• [What you need to do]:
What is wanted is the full listing, word for word, without its pictures.

• [Records to use]:
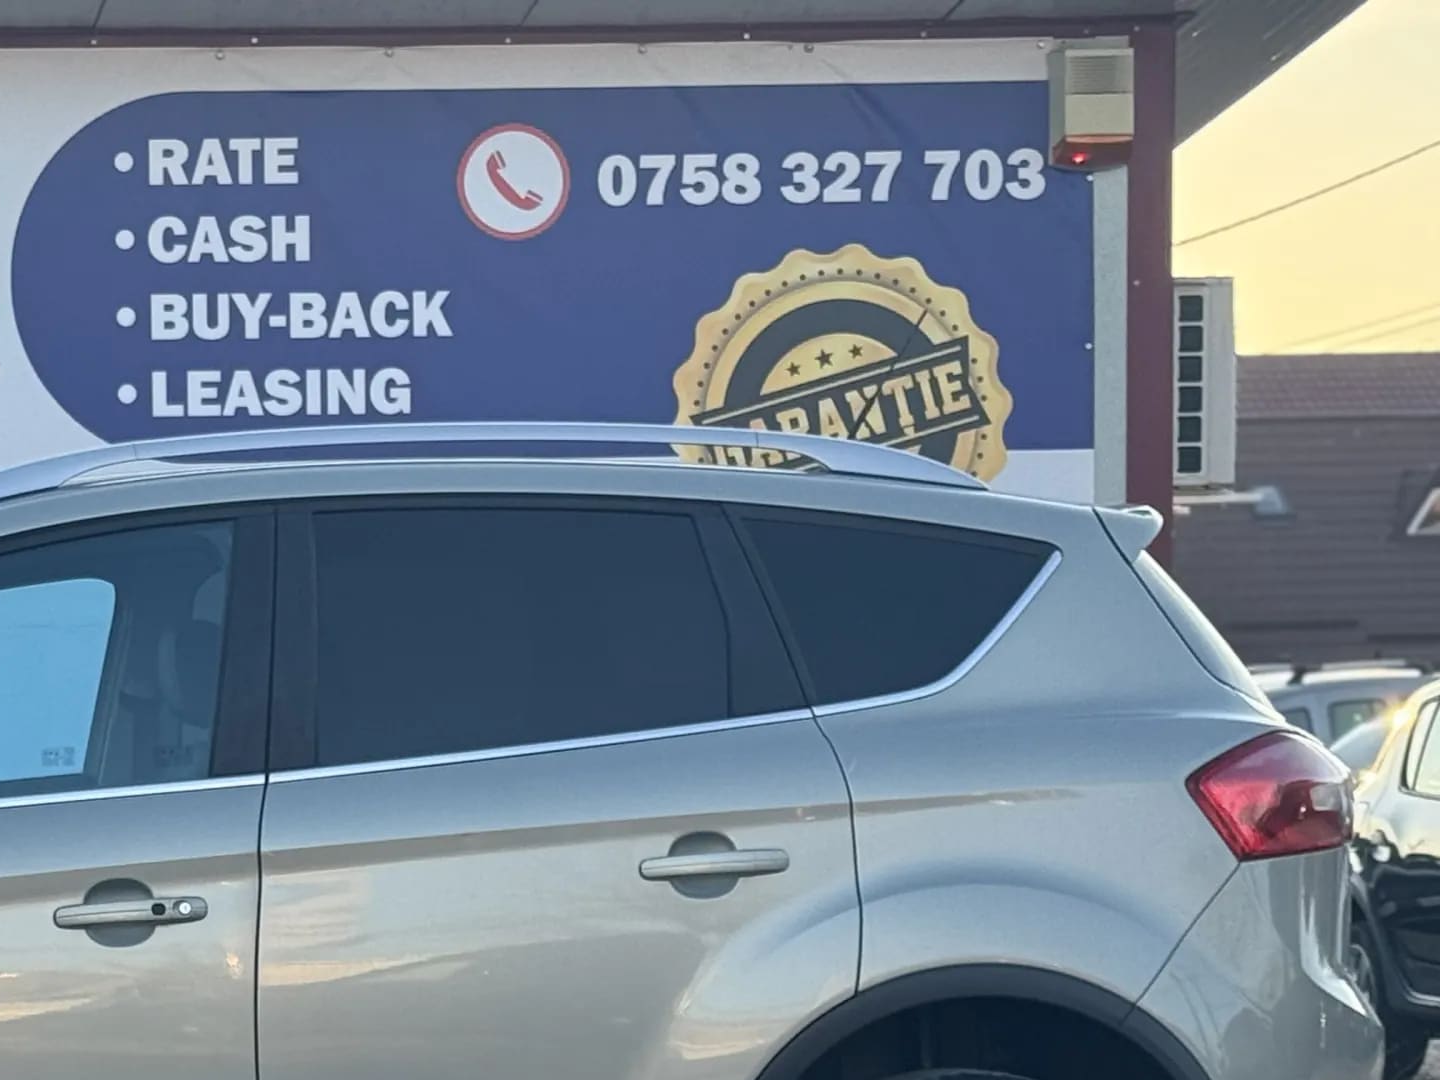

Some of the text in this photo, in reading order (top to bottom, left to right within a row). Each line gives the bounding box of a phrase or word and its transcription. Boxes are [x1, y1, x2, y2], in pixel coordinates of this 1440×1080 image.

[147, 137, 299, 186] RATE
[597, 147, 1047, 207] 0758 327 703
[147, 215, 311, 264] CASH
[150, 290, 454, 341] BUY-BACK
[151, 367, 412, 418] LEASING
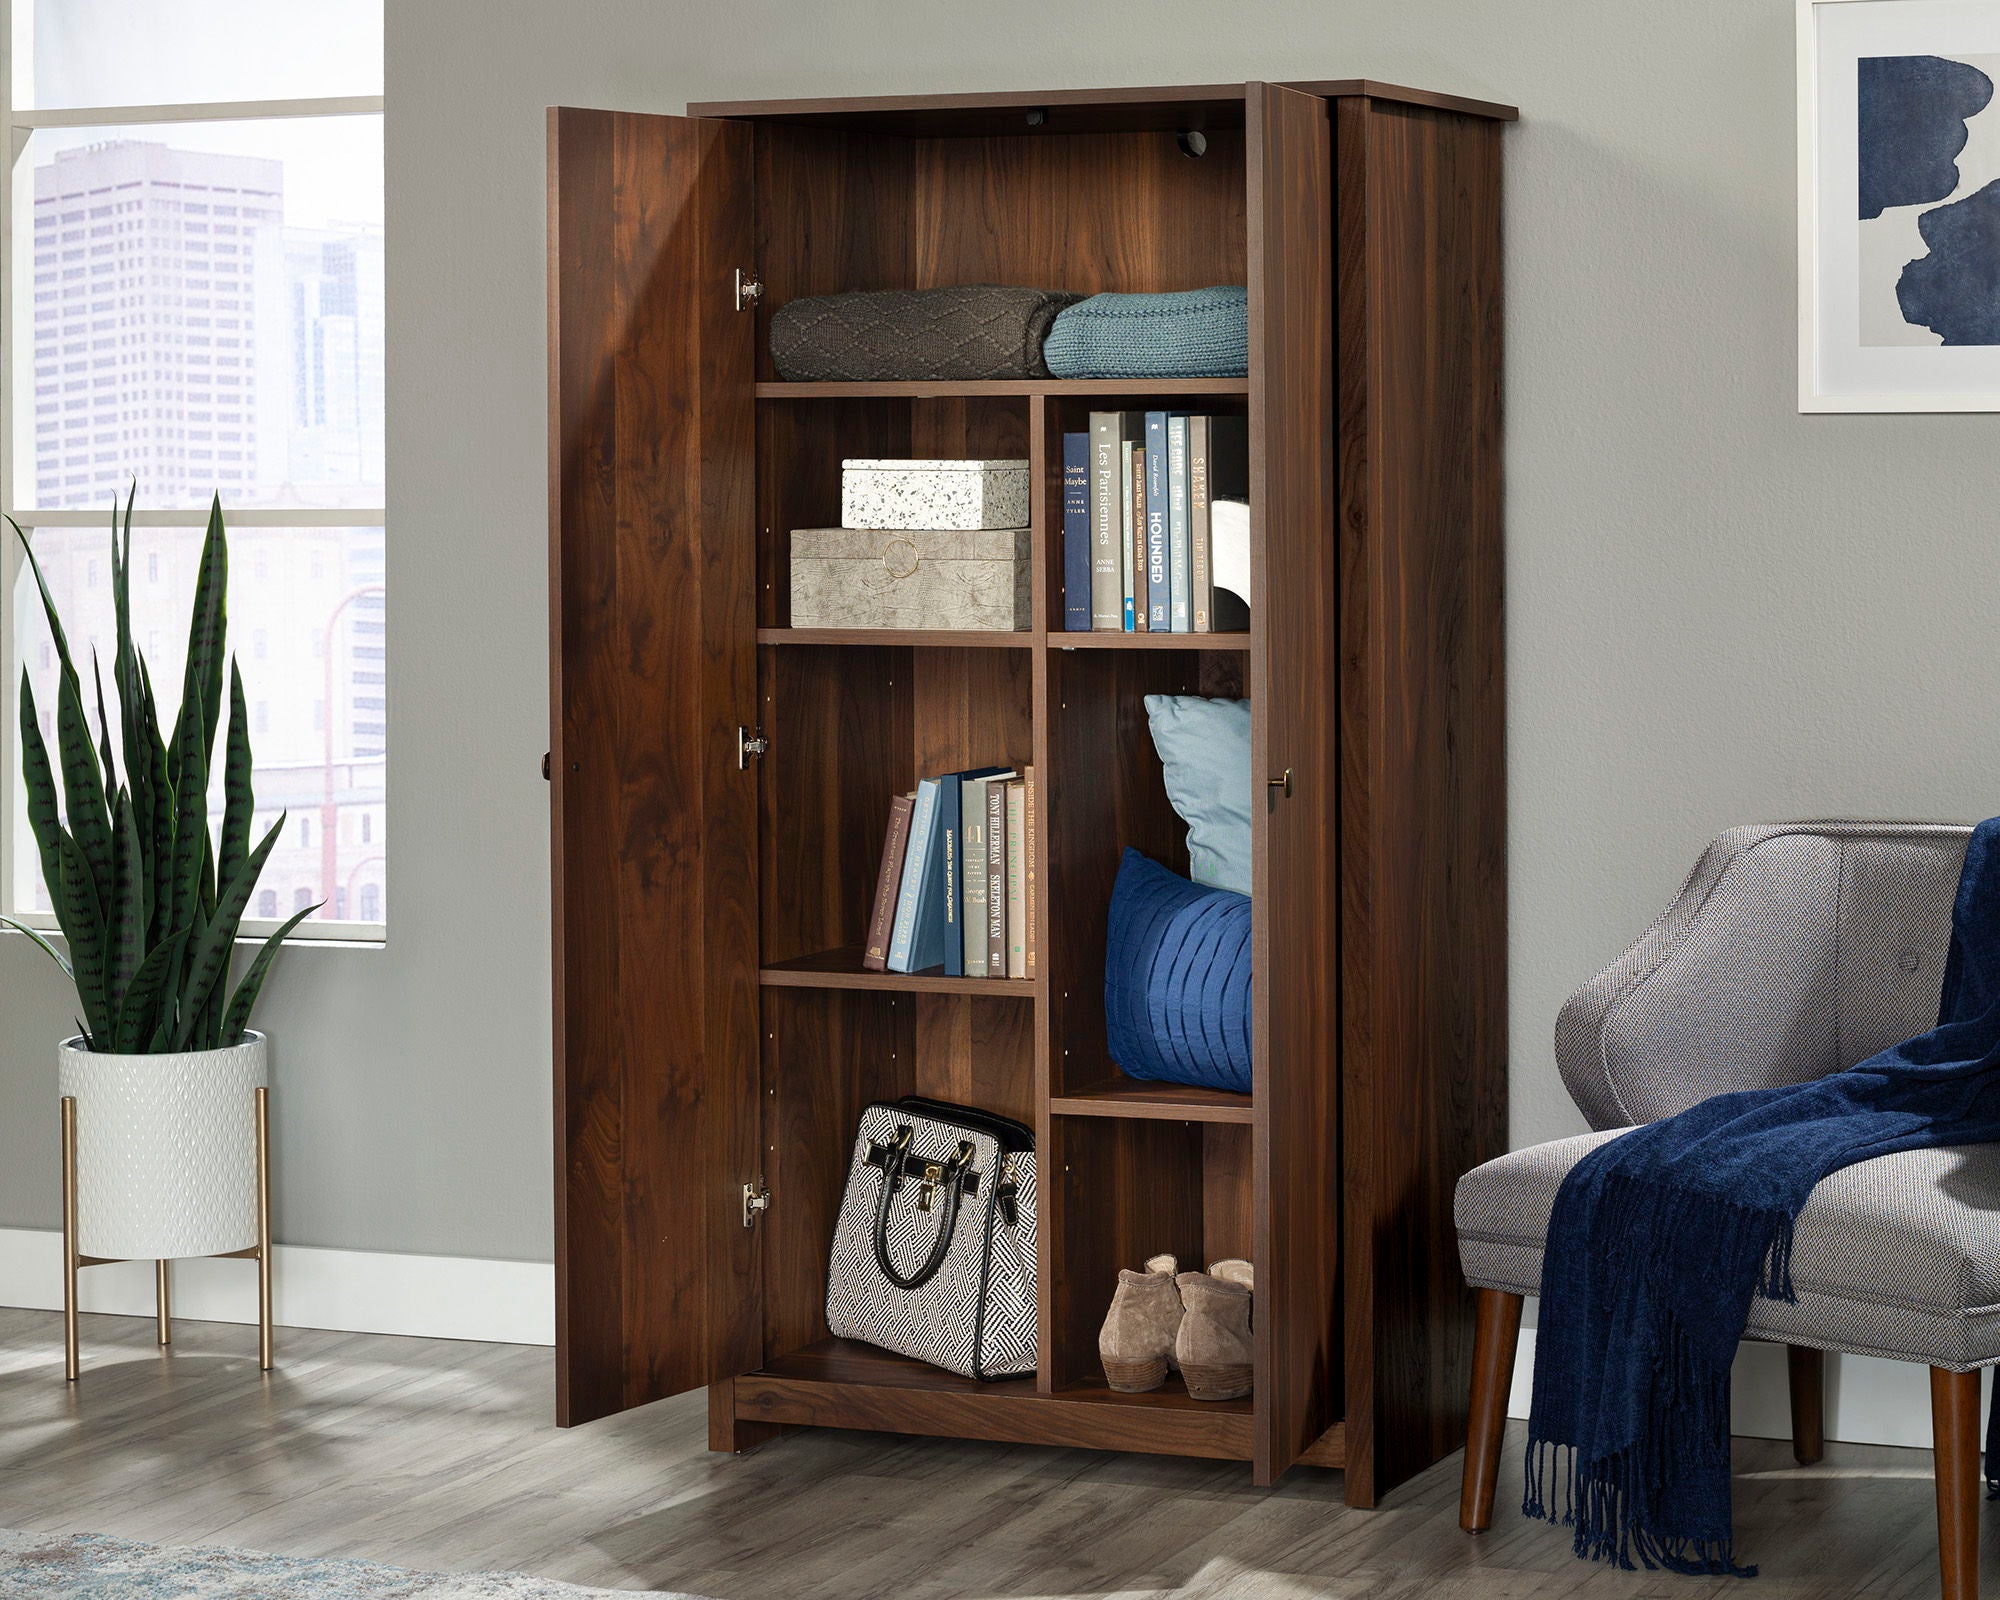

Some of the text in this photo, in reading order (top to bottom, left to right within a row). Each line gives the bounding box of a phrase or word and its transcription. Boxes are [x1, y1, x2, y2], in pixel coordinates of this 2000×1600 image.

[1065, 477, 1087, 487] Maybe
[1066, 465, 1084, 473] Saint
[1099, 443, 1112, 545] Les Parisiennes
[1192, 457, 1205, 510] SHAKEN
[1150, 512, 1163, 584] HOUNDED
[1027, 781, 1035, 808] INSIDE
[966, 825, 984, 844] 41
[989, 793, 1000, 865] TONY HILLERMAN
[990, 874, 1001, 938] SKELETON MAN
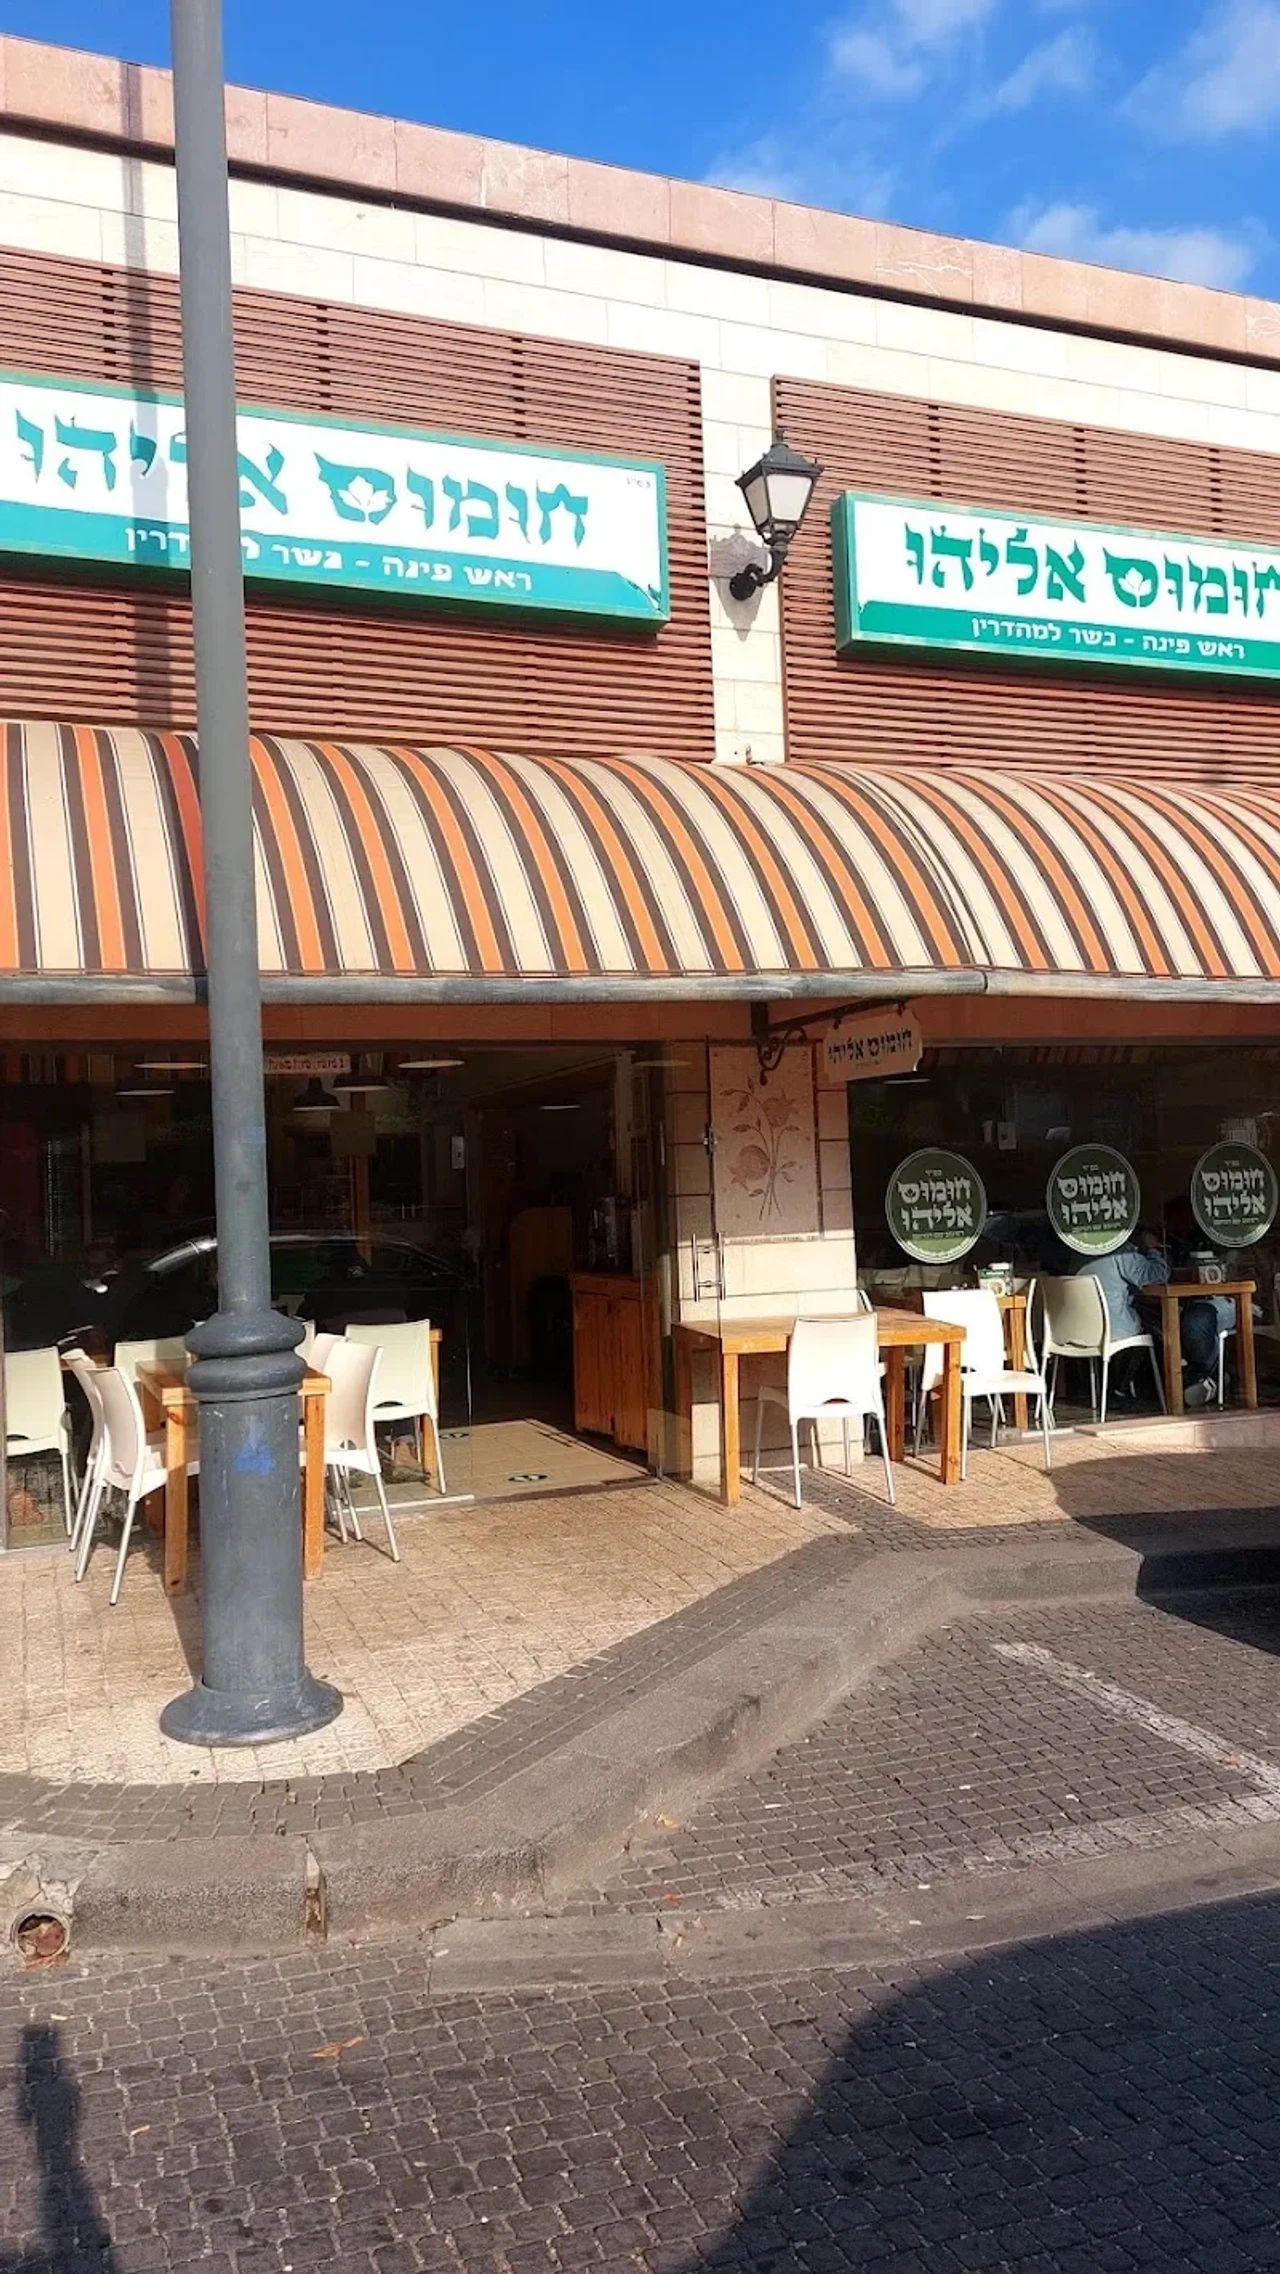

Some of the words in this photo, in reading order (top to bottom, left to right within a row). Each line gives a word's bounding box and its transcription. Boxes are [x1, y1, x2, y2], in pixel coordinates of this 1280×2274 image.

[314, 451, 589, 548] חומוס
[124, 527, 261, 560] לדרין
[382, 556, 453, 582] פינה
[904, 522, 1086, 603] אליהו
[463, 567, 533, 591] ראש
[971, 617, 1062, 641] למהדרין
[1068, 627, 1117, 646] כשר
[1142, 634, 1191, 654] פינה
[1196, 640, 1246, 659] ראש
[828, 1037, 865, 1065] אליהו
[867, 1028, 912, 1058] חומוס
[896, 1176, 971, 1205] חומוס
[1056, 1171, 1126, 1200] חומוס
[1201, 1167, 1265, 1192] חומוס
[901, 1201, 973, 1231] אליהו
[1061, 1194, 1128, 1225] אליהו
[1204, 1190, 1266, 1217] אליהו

• [Exercise solution]:
Some of the text in this photo, in reading order (top to bottom, left to right within a row). Each line gives the bounding box of a phrase or word and its transcription. Boxes are [x1, y1, x2, y2], in pixel coordinates of this 1440×1080 image.

[147, 137, 299, 186] RATE
[597, 147, 1047, 207] 0758 327 703
[147, 215, 311, 264] CASH
[150, 290, 454, 341] BUY-BACK
[151, 367, 412, 418] LEASING

Some of the text in this photo, in reading order (top to bottom, left to right within a row). Each line gives the bounding box of a phrase or word and its transcription. Boxes are [x1, y1, x2, y2], in pixel coordinates of this 2000×1600 image.

[1065, 477, 1087, 487] Maybe
[1066, 465, 1084, 473] Saint
[1099, 443, 1112, 545] Les Parisiennes
[1192, 457, 1205, 510] SHAKEN
[1150, 512, 1163, 584] HOUNDED
[1027, 781, 1035, 808] INSIDE
[966, 825, 984, 844] 41
[989, 793, 1000, 865] TONY HILLERMAN
[990, 874, 1001, 938] SKELETON MAN

Some of the words in this photo, in reading order (top to bottom, left to right within a row). Each line gives a word's bounding box and its transcription. Boxes are [x1, y1, x2, y2], in pixel coordinates of this 1280×2274 image.

[314, 451, 589, 548] חומוס
[124, 527, 261, 560] לדרין
[382, 556, 453, 582] פינה
[904, 522, 1086, 603] אליהו
[463, 567, 533, 591] ראש
[971, 617, 1062, 641] למהדרין
[1068, 627, 1117, 646] כשר
[1142, 634, 1191, 654] פינה
[1196, 640, 1246, 659] ראש
[828, 1037, 865, 1065] אליהו
[867, 1028, 912, 1058] חומוס
[896, 1176, 971, 1205] חומוס
[1056, 1171, 1126, 1200] חומוס
[1201, 1167, 1265, 1192] חומוס
[901, 1201, 973, 1231] אליהו
[1061, 1194, 1128, 1225] אליהו
[1204, 1190, 1266, 1217] אליהו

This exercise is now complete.